**About this task**
Repeat the following entries exactly, excluding pictures.

Records shown: Begin

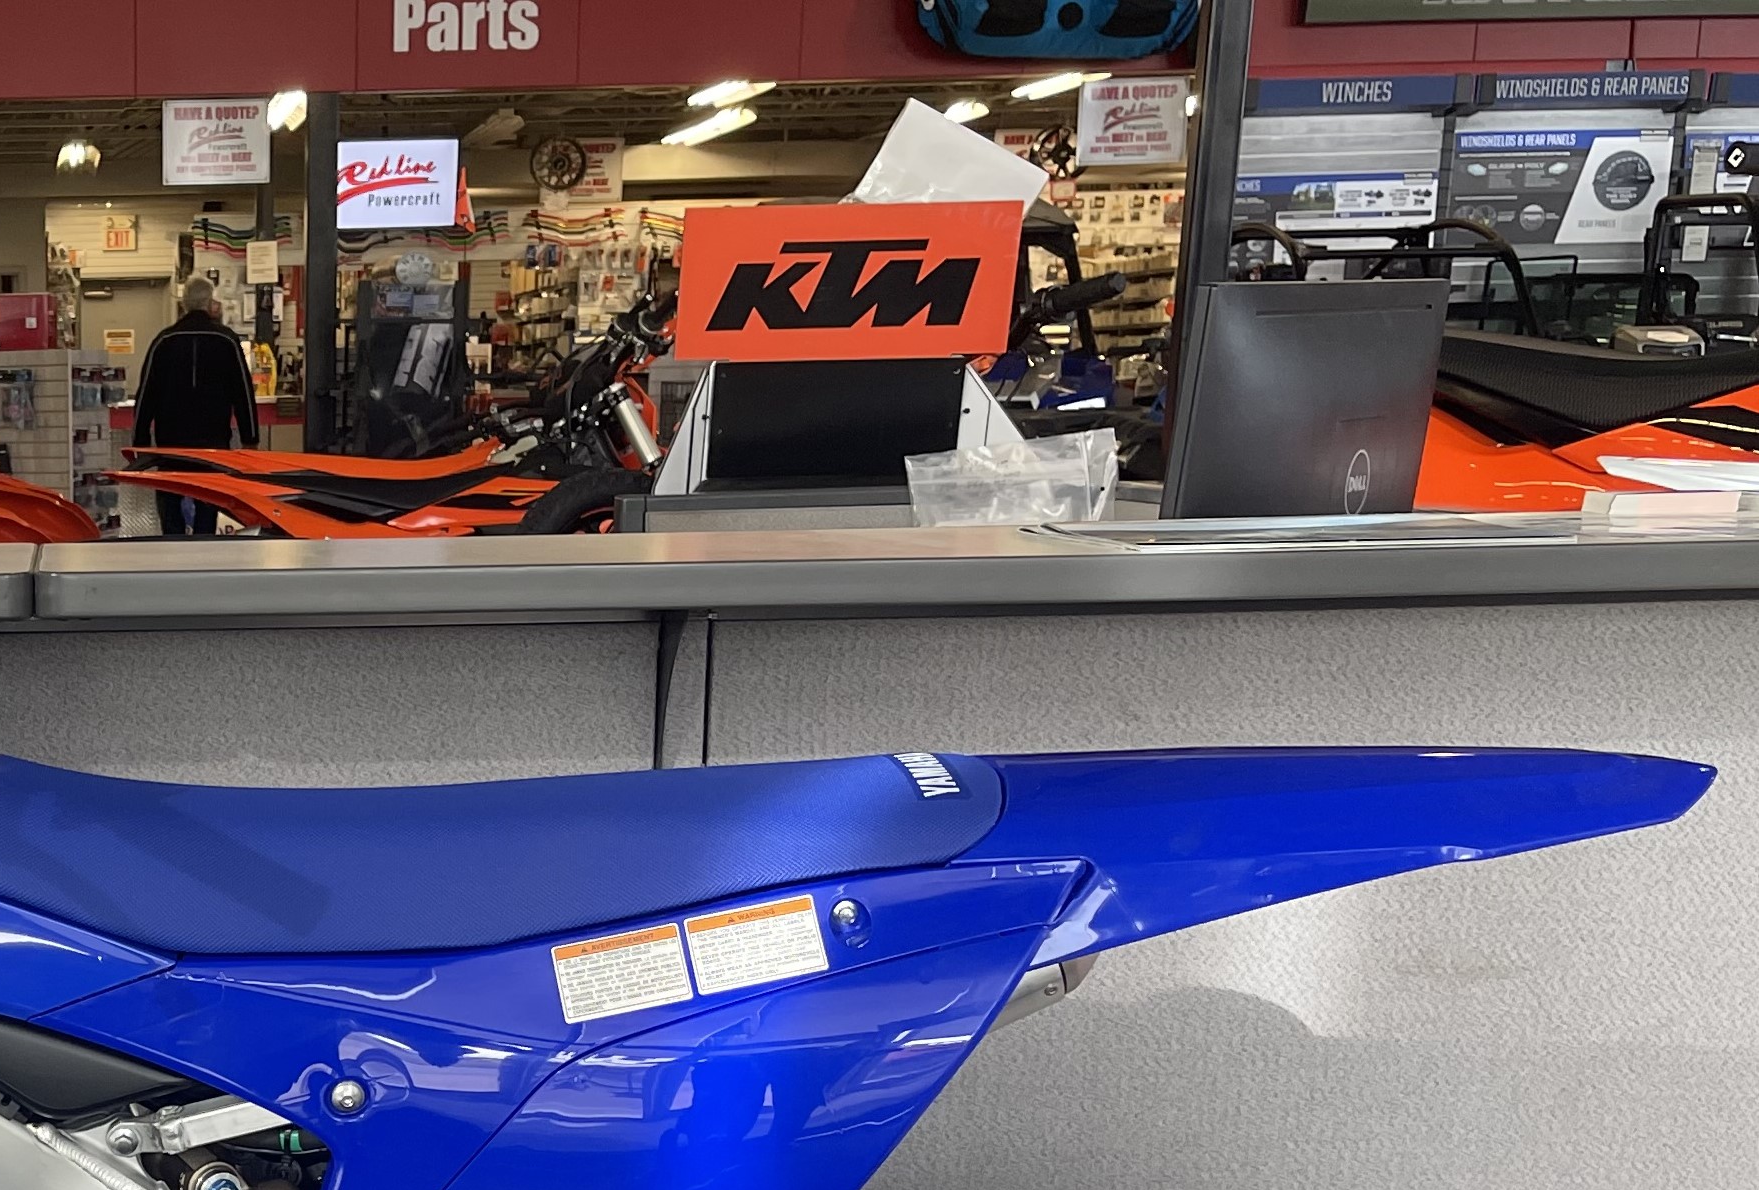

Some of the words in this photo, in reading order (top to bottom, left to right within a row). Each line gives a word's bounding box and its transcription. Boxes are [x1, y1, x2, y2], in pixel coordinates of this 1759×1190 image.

[393, 0, 541, 53] Parts
[1122, 86, 1129, 100] A
[1132, 84, 1178, 101] QUOTE?
[1322, 81, 1393, 103] WINCHES
[1496, 78, 1588, 99] WINDSHIELDS
[1604, 76, 1638, 96] REAR
[1641, 76, 1690, 95] PANELS
[205, 106, 213, 120] A
[215, 106, 259, 121] QUOTE?
[1460, 134, 1517, 148] WINDSHIELDS
[1524, 134, 1545, 146] REAR
[1546, 133, 1577, 146] PANELS
[368, 192, 440, 207] Powercraft
[107, 230, 131, 249] EXIT
[705, 238, 981, 332] KTM
[1347, 474, 1367, 493] DELL

Records shown: End

**Problem solution**
Some of the words in this photo, in reading order (top to bottom, left to right within a row). Each line gives a word's bounding box and its transcription. Boxes are [x1, y1, x2, y2], in pixel coordinates of this 1759×1190 image.

[393, 0, 541, 53] Parts
[1122, 86, 1129, 100] A
[1132, 84, 1178, 101] QUOTE?
[1322, 81, 1393, 103] WINCHES
[1496, 78, 1588, 99] WINDSHIELDS
[1604, 76, 1638, 96] REAR
[1641, 76, 1690, 95] PANELS
[205, 106, 213, 120] A
[215, 106, 259, 121] QUOTE?
[1460, 134, 1517, 148] WINDSHIELDS
[1524, 134, 1545, 146] REAR
[1546, 133, 1577, 146] PANELS
[368, 192, 440, 207] Powercraft
[107, 230, 131, 249] EXIT
[705, 238, 981, 332] KTM
[1347, 474, 1367, 493] DELL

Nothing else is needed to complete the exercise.